Watch the Wilkins ice shelf collapse in time lapse animation ? looks like ‘current’ events to me where mechanisms other than melt were discussed. It was pointed out that this photo appeared to be showing a stress crack, like the sort you’d get from a wave. Melt makes rounded irregular edges, not sharp straight line ones.
Now there’s a study from Scripps that suggests that long period waves could be a big factor.
Antarctic Ice Shelf Collapse Possibly Triggered by Ocean Waves, Scripps-led Study Finds
Extremely long waves could have initiated 2008 collapse events
Scripps Institution of Oceanography / University of California, San Diego
Depicting a cause-and-effect scenario that spans thousands of miles, a scientist at Scripps Institution of Oceanography at UC San Diego and his collaborators discovered that ocean waves originating along the Pacific coasts of North and South America impact Antarctic ice shelves and could play a role in their catastrophic collapse.

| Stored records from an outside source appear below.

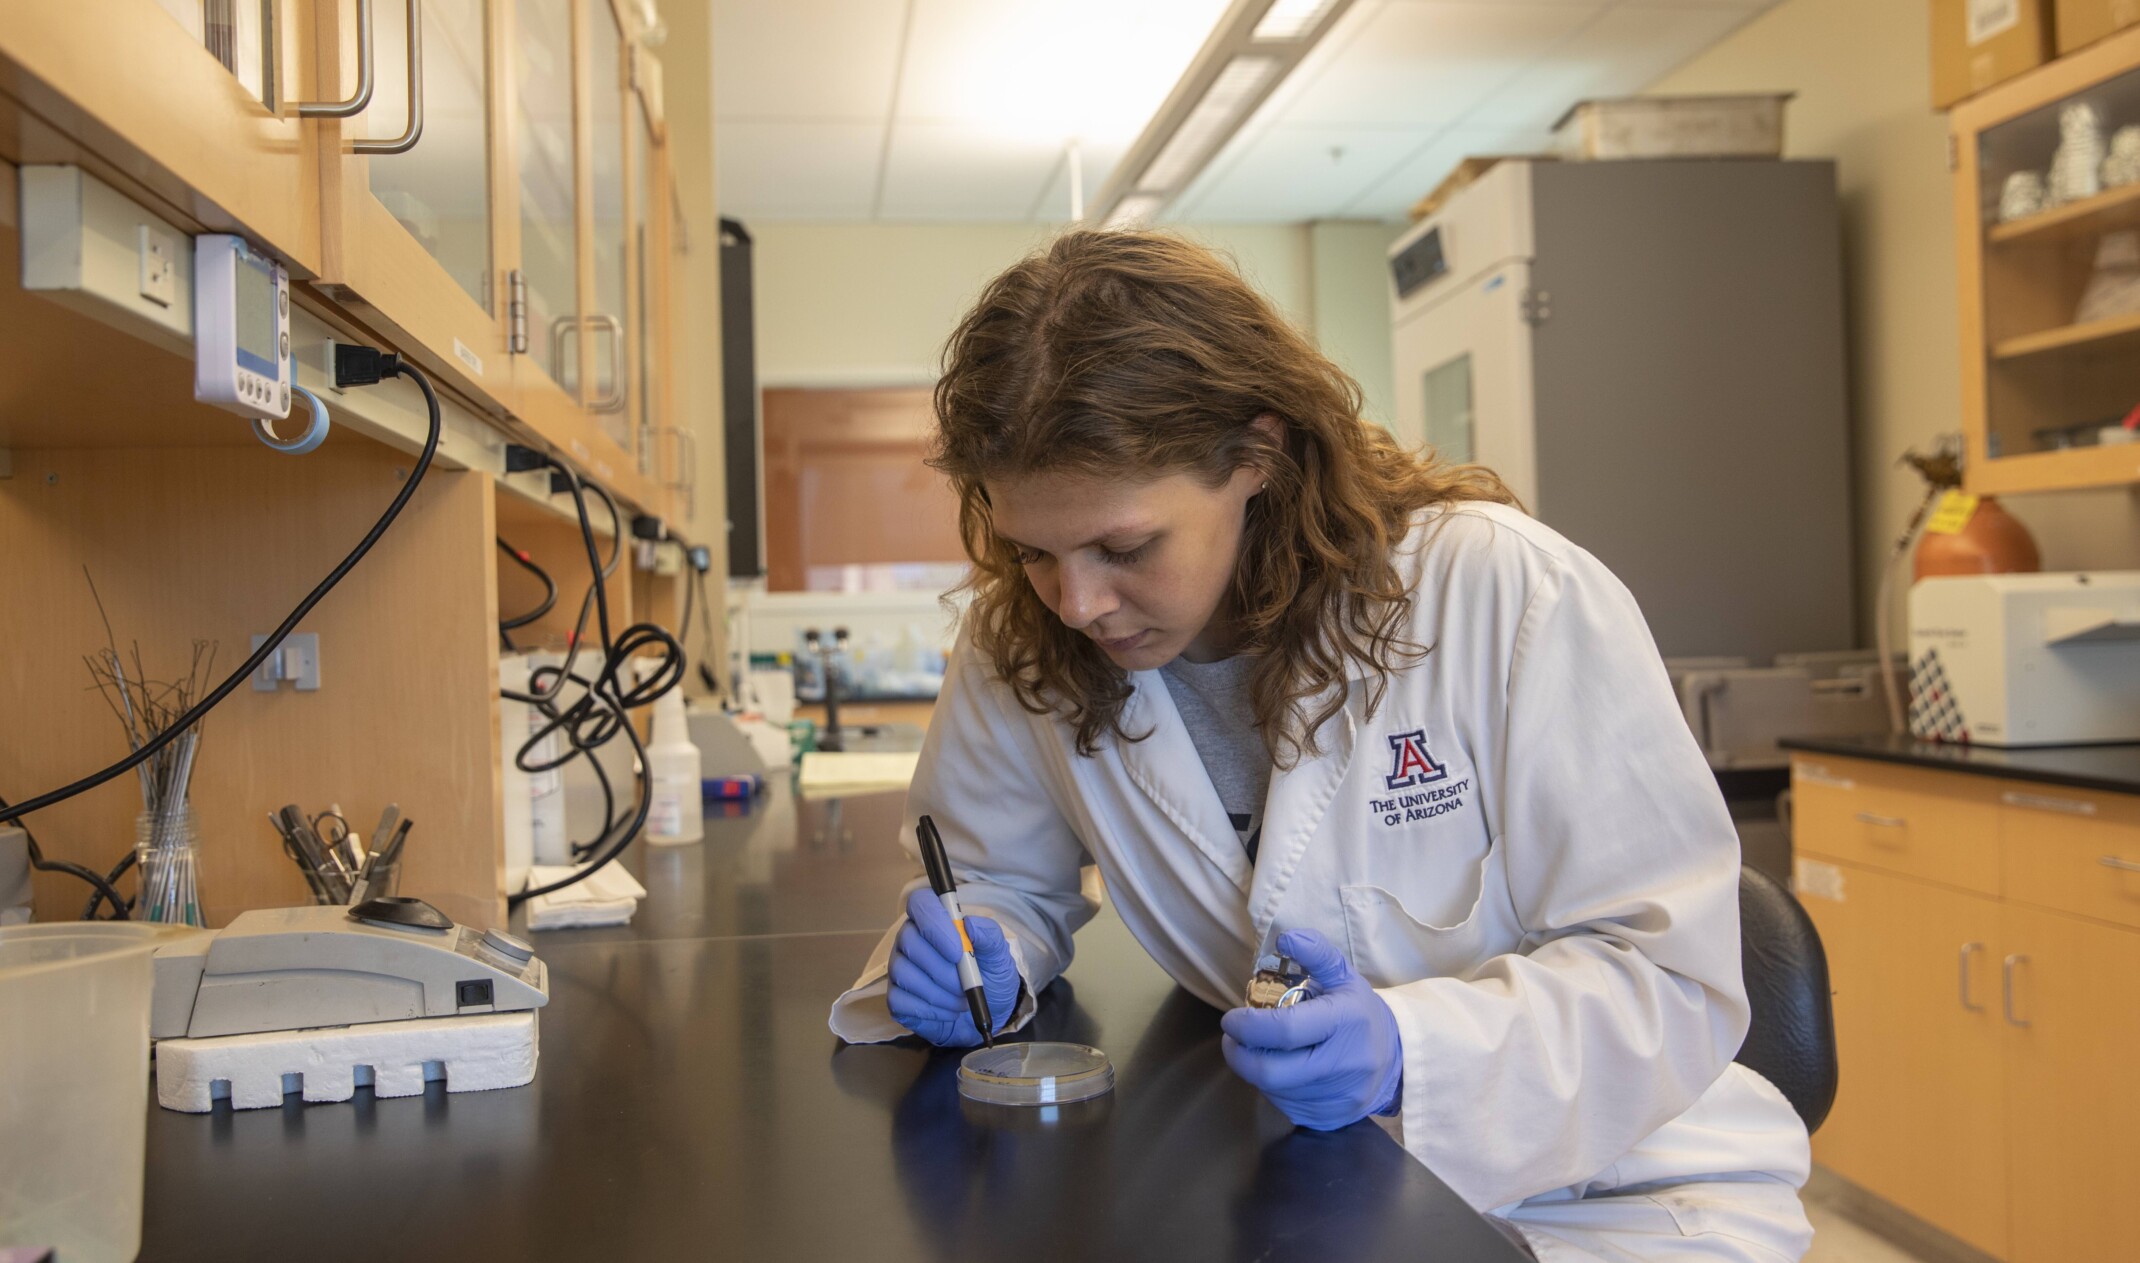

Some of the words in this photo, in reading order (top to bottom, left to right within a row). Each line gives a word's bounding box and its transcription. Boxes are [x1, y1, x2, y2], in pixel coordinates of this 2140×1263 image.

[1386, 728, 1448, 790] A
[1369, 799, 1397, 813] THE
[1398, 779, 1469, 808] UNIVERSITY
[1384, 814, 1401, 826] OF
[1405, 798, 1463, 822] ARIZONA
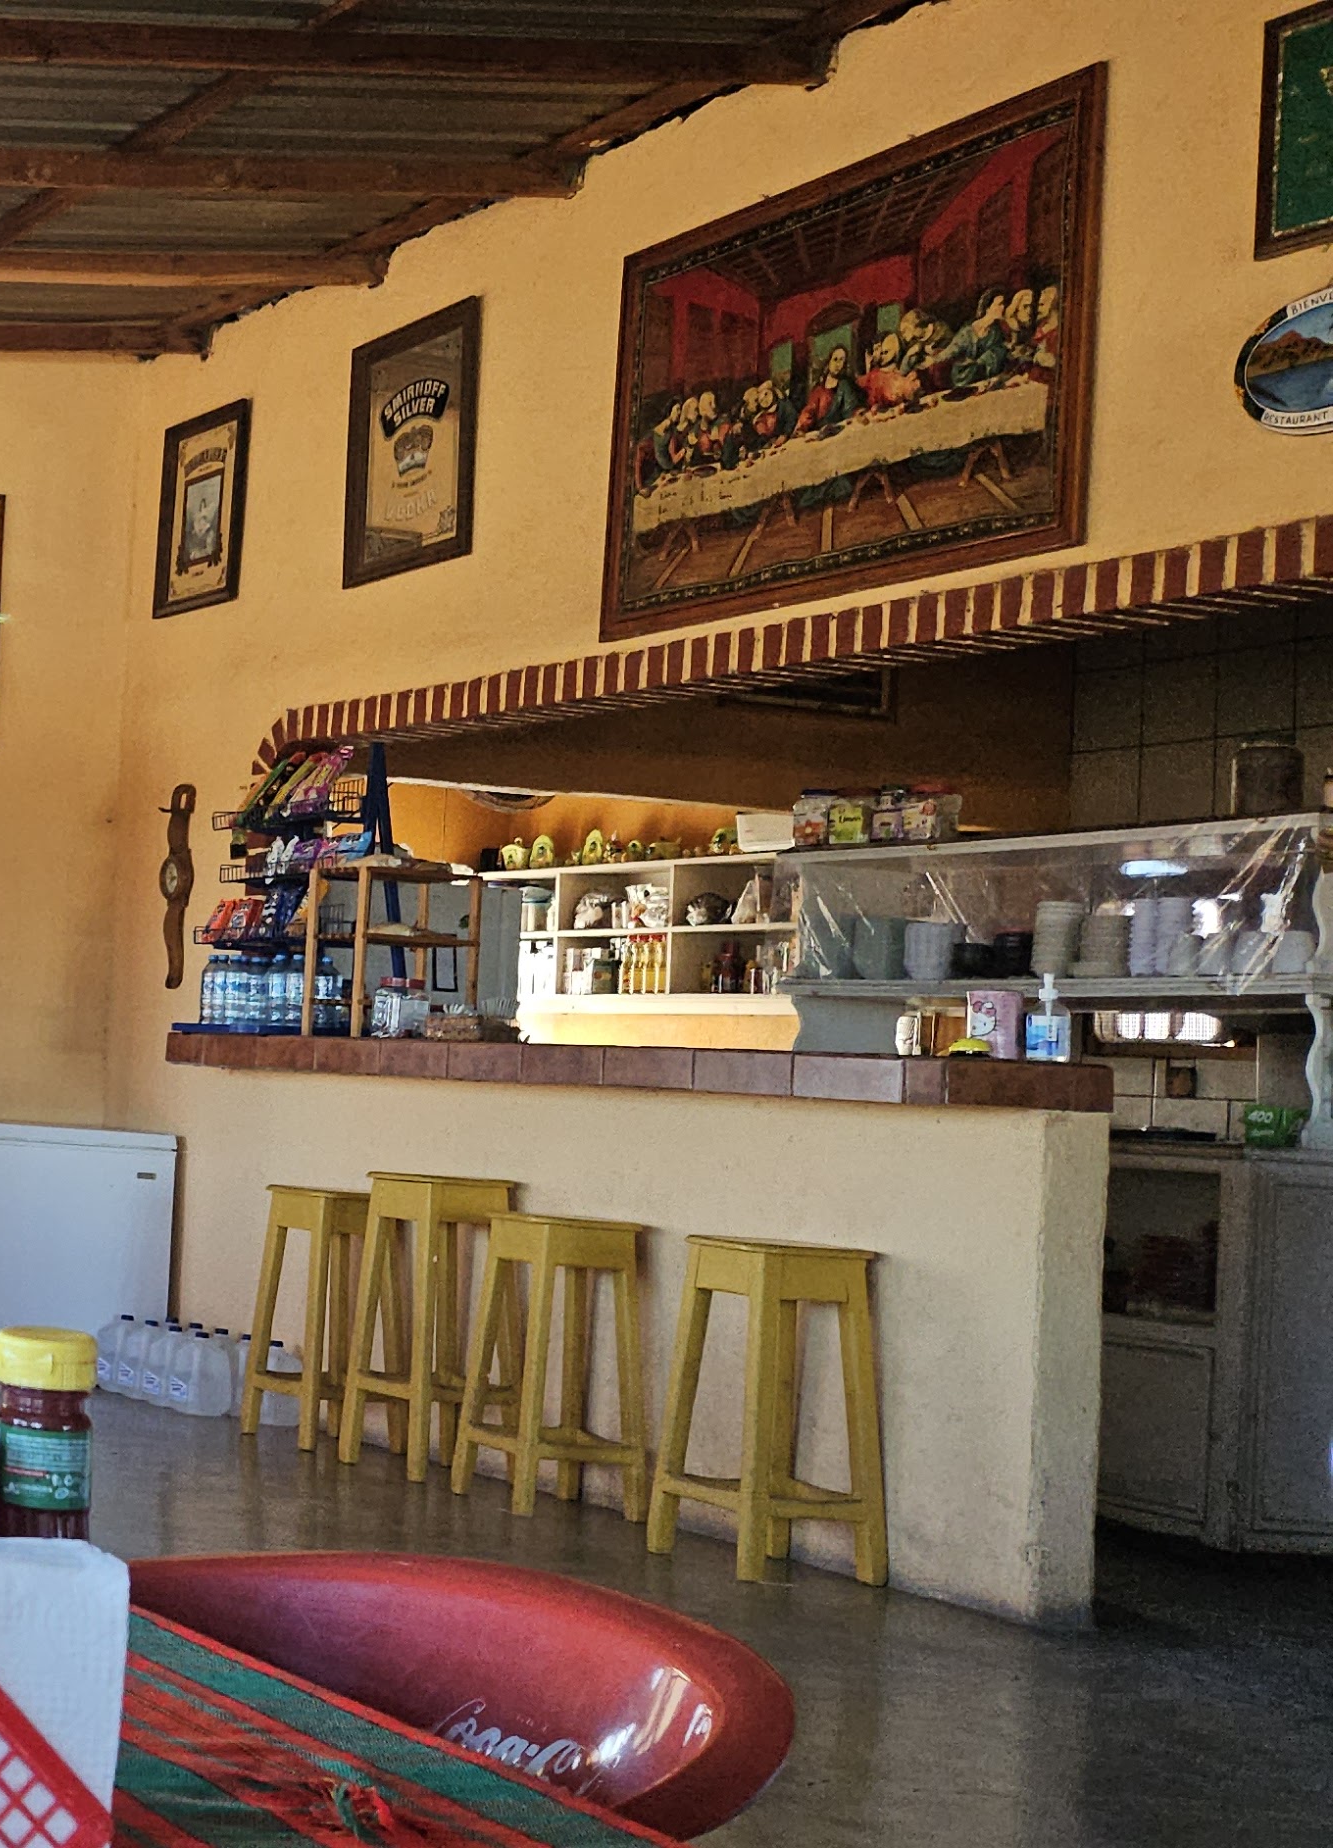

Peter Bromirski of Scripps Oceanography is the lead scientist in a new study published in the journal Geophysical Research Letters that describes how storms over the North Pacific Ocean may be transferring enough wave energy to destabilize Antarctic ice shelves. The California Department of Boating and Waterways and the National Science Foundation supported the study.
According to Bromirski, storm-driven ocean swells travel across the Pacific Ocean and break along the coastlines of North and South America, where they are transformed into very long-period ocean waves called “infragravity waves” that travel vast distances to Antarctica.